The man staggered back as if he caught a rock flung from the catapult. He’s still hurt and light like a feather. Goran decided to throw his fist at the man next. He discovered what being light as a feather was capable of when the man swung his body out of the way. Instead of getting the first proper hit on the man, it was Goran who felt the strike of the man’s elbow.

“Bugger,” he spat, stumbling back, knowing his lip was as bad as the one he made for the whore.

He felt like a cornered bunny as the man pressed forward. Goran looked for his way out. The closest path to victory was the dagger left on the ground. He went for it but the man was on it first, sliding it across the room with his bare foot. Then he sent his leg up into Goran’s face.

Goran rolled onto his back and held his own leg up, “The boots, right? Just pull’em off, eh?”

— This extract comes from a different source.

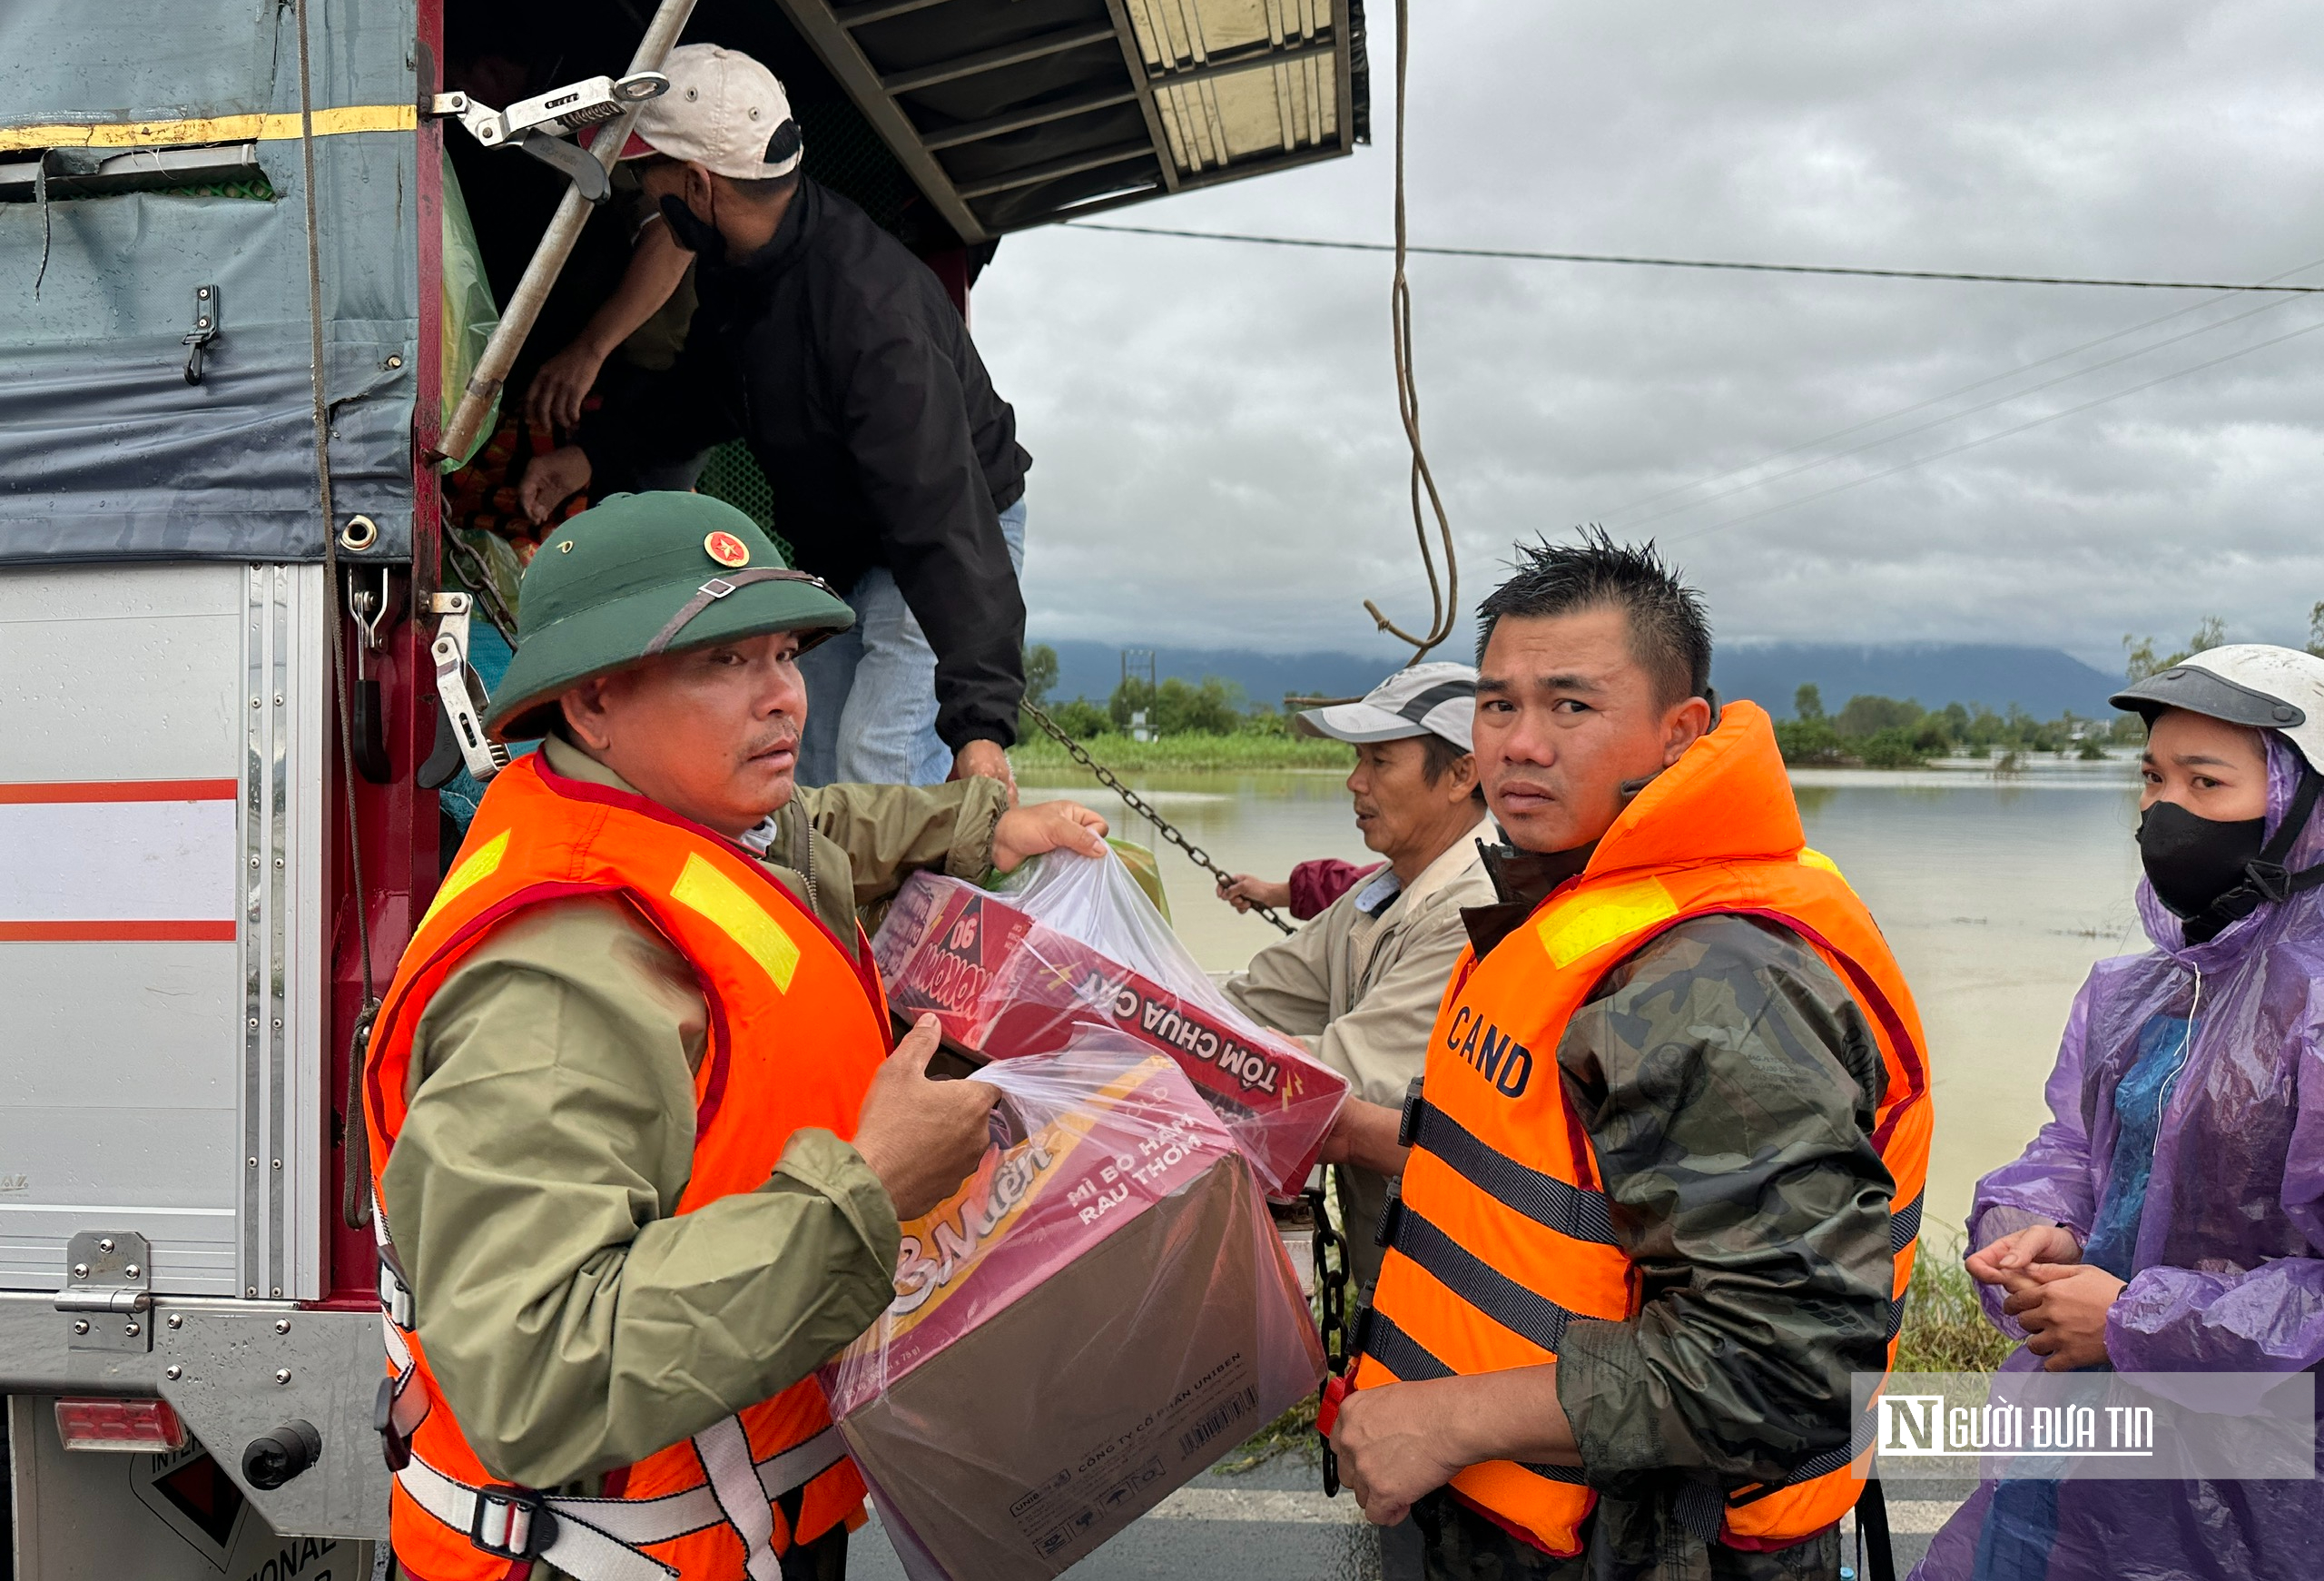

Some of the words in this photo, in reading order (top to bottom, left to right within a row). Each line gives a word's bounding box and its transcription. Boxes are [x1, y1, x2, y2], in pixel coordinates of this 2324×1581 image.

The man made the mistake of pausing on the thought and Gus broke the stool against his fragile body. The man was launched into the bar and already Gus was picking up another stool to beat down on the man. Goran jumped back onto his ill-gotten boots with a cruel laugh.

One. Two. Three. Goran watched Gus tire the man out as he swung the stool at the man. The fat sod was missing, Goran could see, but that was fine. He and Gus worked best when one kept their victim busy while the other went in for the kill. On that thought he wiped the blood from his face, fixed the collar of his shirt, and calmly went to recover his dagger.

A heavy smack was heard in the room. Ah, there’s the strike, Goran thought. But when he turned around with his dagger back in hand, it was Gus falling against the bar. Somehow the stool had been broken against his partner and as Gus tried to stand all in the room saw the man ready with the broken leg off the stool.

“No, wait-” Gus cried before the leg broke across his face. Goran was sure he saw some of his teeth fly from his face.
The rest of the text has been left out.